Nobel Prize dilemma resolved

3:14 pm on 4 October 2011

The Nobel Prize Foundation says a Canadian scientist awarded the prize for medicine will remain a Nobel Laureate, despite dying before the win was announced.

Professor Ralph Steinman, Bruce Beutler and Jules Hoffmann were chosen for the award for their work on the human immune system.

Professor Steinman discovered the dendritic cell, which helps the body fight off infection.

But after the announcement on Monday, as the Nobel jury was still trying to reach the candidates, it emerged that he died of pancreatic cancer on Friday.

The Nobel Prize is not given post-humously, but the foundation says Professor Steinmen will still receive it as the decision was made in good faith.

It says this is unprecedented in the history of the Nobel Prize.
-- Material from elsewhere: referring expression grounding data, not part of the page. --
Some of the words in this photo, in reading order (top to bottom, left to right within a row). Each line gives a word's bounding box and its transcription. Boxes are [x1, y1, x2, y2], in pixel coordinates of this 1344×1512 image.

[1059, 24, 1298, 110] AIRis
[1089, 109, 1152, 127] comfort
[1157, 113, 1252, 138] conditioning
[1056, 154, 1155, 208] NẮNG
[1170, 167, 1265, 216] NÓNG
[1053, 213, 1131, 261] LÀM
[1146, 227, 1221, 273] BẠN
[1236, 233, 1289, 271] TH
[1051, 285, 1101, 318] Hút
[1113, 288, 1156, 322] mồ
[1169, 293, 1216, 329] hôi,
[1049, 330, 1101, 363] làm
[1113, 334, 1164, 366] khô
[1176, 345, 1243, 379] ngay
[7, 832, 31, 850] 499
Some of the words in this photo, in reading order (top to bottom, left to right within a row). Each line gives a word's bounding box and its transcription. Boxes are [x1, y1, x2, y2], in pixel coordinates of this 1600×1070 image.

Professor Steinman, 68, died on Friday without being aware of his award, after using his own discoveries to extend his life.

His research contributed to the launch last year of the first vaccine which is designed to kill tumours. He also won the 2007 Lasker Prize for his work.
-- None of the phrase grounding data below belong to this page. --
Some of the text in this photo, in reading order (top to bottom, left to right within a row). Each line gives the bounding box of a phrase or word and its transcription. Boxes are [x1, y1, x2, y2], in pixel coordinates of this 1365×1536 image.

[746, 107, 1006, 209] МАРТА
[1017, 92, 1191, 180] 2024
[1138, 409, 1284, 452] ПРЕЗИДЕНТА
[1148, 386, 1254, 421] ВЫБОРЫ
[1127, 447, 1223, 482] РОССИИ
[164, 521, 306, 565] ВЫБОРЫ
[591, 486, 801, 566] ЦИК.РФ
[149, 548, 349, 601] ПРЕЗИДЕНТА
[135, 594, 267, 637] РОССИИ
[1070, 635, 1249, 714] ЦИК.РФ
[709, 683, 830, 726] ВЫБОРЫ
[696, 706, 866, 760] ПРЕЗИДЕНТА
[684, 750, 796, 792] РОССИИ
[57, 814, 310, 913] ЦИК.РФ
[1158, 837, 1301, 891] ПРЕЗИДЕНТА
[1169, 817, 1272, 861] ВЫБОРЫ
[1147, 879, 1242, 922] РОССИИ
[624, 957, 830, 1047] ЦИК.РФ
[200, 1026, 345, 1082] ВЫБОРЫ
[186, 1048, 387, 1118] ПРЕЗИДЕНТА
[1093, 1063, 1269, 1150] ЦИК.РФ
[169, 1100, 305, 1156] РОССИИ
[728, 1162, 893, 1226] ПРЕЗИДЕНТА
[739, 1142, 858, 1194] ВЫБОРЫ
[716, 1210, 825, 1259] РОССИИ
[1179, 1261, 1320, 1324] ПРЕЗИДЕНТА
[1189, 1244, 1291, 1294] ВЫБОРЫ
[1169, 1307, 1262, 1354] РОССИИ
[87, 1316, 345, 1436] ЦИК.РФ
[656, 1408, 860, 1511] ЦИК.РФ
Professor Steinman headed the centre of immunology and immune diseases at Rockefeller University in New York.

He was awarded the prize jointly with Professor Beutler, 55, from the United States and Jules Hoffmann, 70, of France, for their work on understanding the body's immune system.
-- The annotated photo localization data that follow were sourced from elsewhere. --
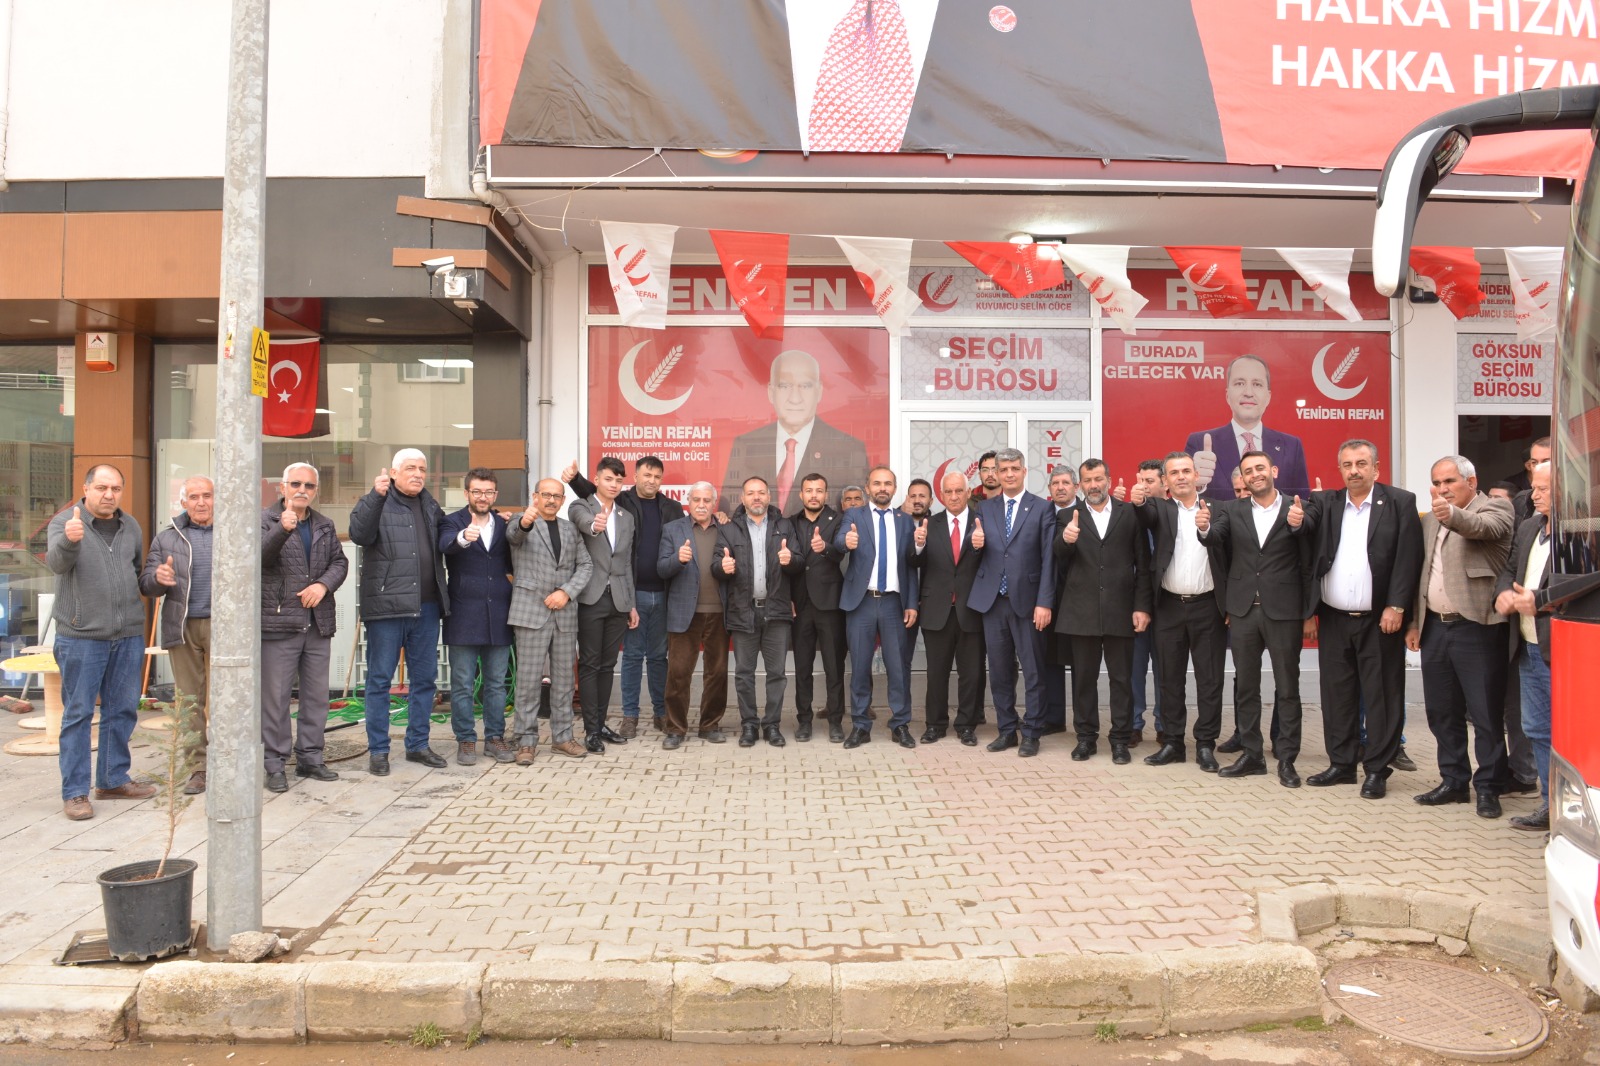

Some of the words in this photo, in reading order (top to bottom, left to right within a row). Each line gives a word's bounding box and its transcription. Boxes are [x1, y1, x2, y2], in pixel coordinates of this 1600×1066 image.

[1272, 44, 1455, 93] HAKKA
[976, 302, 1018, 311] KUYUMCU
[1021, 300, 1046, 311] SELİM
[1048, 300, 1072, 311] CÜCE
[949, 333, 1043, 366] SEÇİM
[1130, 345, 1198, 358] BURADA
[1472, 340, 1542, 359] GÖKSUN
[934, 363, 1058, 391] BÜROSU
[1104, 365, 1187, 379] GELECEK
[1190, 366, 1225, 379] VAR
[1481, 360, 1534, 381] SEÇİM
[1473, 379, 1542, 397] BÜROSU
[1296, 405, 1345, 420] YENİDEN
[1348, 408, 1384, 420] REFAH
[601, 423, 663, 439] YENİDEN
[667, 426, 712, 439] REFAH
[664, 441, 690, 449] BAŞKAN
[683, 450, 710, 461] CÜCE
The award is worth 10 million Swedish crowns ($US1.43 million).

Medicine is usually the first of the Nobel prizes awarded each year. They were first awarded in 1901.

Only two Nobel Prizes have been awarded posthumously. They were both to Swedes: poet Erik Axel Karlfeldt for literature in 1931 and UN Secretary General Dag Hammarskjold, who died in a plane crash in Africa in 1961.